Frente al grabado del Monte Fuji en rojo, de Hokusai, con el cielo azul entre nubes blancas, aparece la figura beatífica del gato que en adelante solo puede llamarse Joaquín: una forma de esculpirlo en el tiempo, que desde ya comparto con mi adorada Marthica, Santiago, María del Rosario, Gonzalo y demás cinéfilas del Cine-Club Al Filo del Tiempo. En las manos de Rudi, del citado Hokusai el libro ‘Cien vistas del monte Fuji’, del cual hace parte el cuadro ubicado frente a la mesa de Rudi y cuyo título completo es ‘Viento del Sur, Cielo despejado (Fuji Rojo)’, a su vez tomado del libro ’36 vistas del Monte Fuji’, compuesto por igual número de xilografías y realizado entre 1826 y 1833 por Hokusai Katsushika (1760-1849), el artista japonés más reconocido dentro y fuera de Japón. Aprendió de todas las escuelas, pero jamás se sometió a ninguna. Trabajó hasta el último día, sobre todo en la técnica de grabado Ukiyo-e, arte que satisfacía las necesidades culturales de un grupo social en concreto.               

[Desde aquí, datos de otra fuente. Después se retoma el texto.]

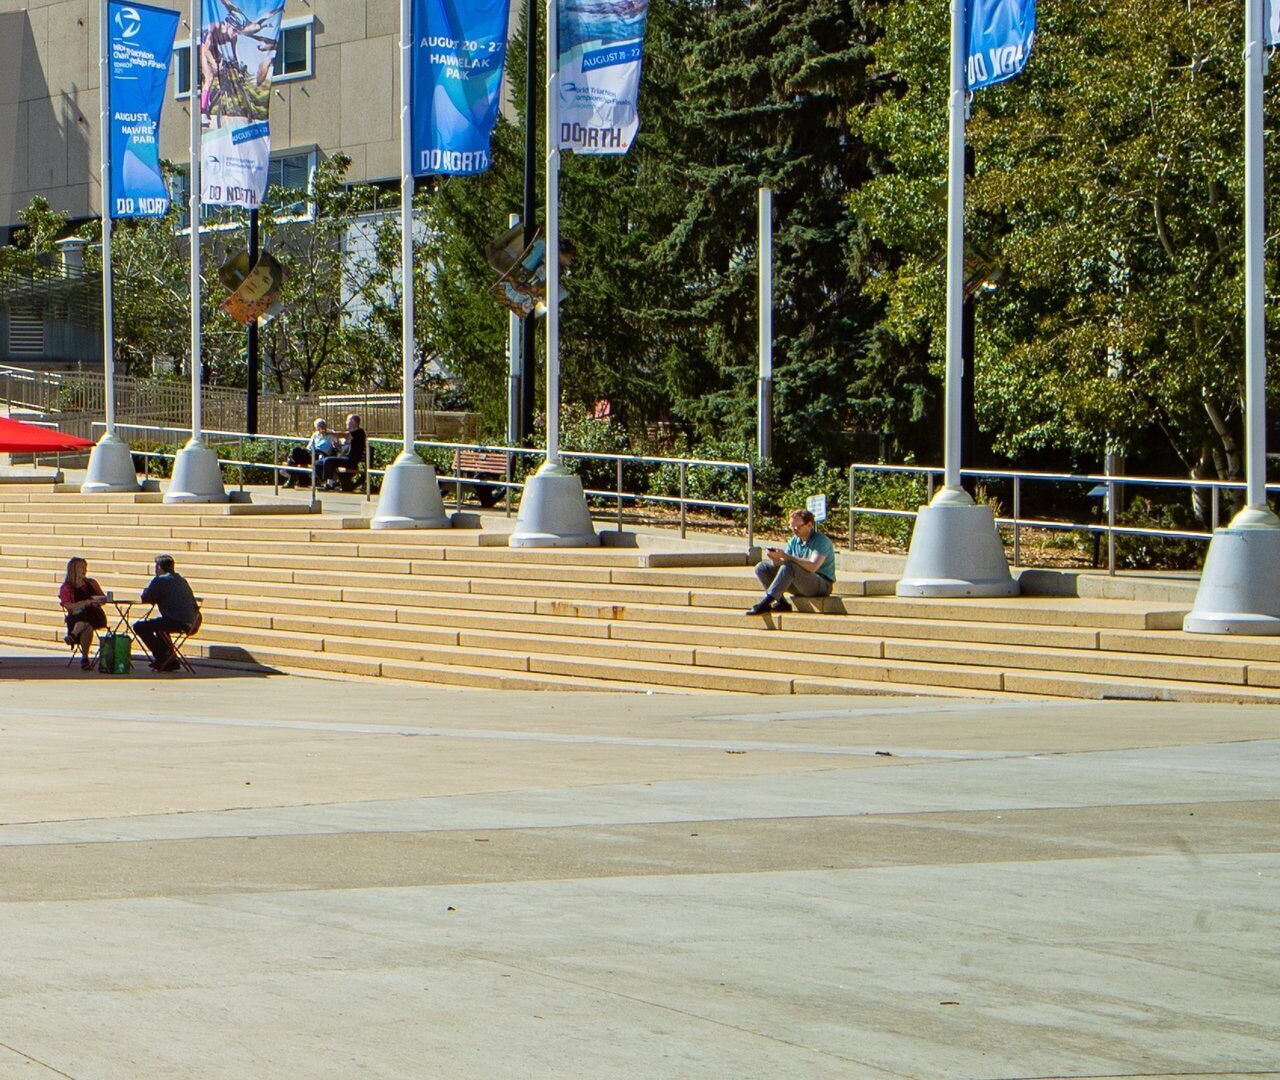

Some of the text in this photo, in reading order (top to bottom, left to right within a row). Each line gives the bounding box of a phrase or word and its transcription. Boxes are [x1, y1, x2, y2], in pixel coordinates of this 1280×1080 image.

[462, 41, 477, 51] 20
[583, 52, 618, 67] AUGUST
[115, 112, 148, 122] AUGUST
[421, 149, 441, 170] DO
[209, 185, 222, 200] DO
[116, 198, 166, 214] DO NORT

El grupo de los chōnin, clases medias urbanas de comerciantes y artesanos ricos, que en el periodo Edo (1615-1868) no tenían prestigio en una sociedad liderada por la casta samurai. La voz Ukiyo-e se compone de tres ideogramas que aluden a las voces ‘flotante’, ‘mundo’ y ‘pintura’ y que, literalmente, significan ‘pintura o grabado del mundo efímero’, lo que por coincidencia remite al filme y a la idea que se tiene de los cerezos y sus flores como la expresión más bella de lo efímero, según explica alguien a Rudi: un día aparecen y al otro ya no… aunque siempre están. Picado. Rudi acostado junto al vestido que Trudi tenía cuando bailaron y luego ella murió. ‘¿Dónde estás?’ No halla respuesta. Decide ir a Japón donde su hijo Karl. Se encuentran, suben al apto., pero antes dejan sus zapatos. ‘Tienes que quitártelos’, le recuerda el hijo y le ofrece sus pantuflas, así Rudi tenga las suyas. El espacio no es muy grande, anota Rudi al asomarse a la ventana quizás por inconsciente claustrofobia.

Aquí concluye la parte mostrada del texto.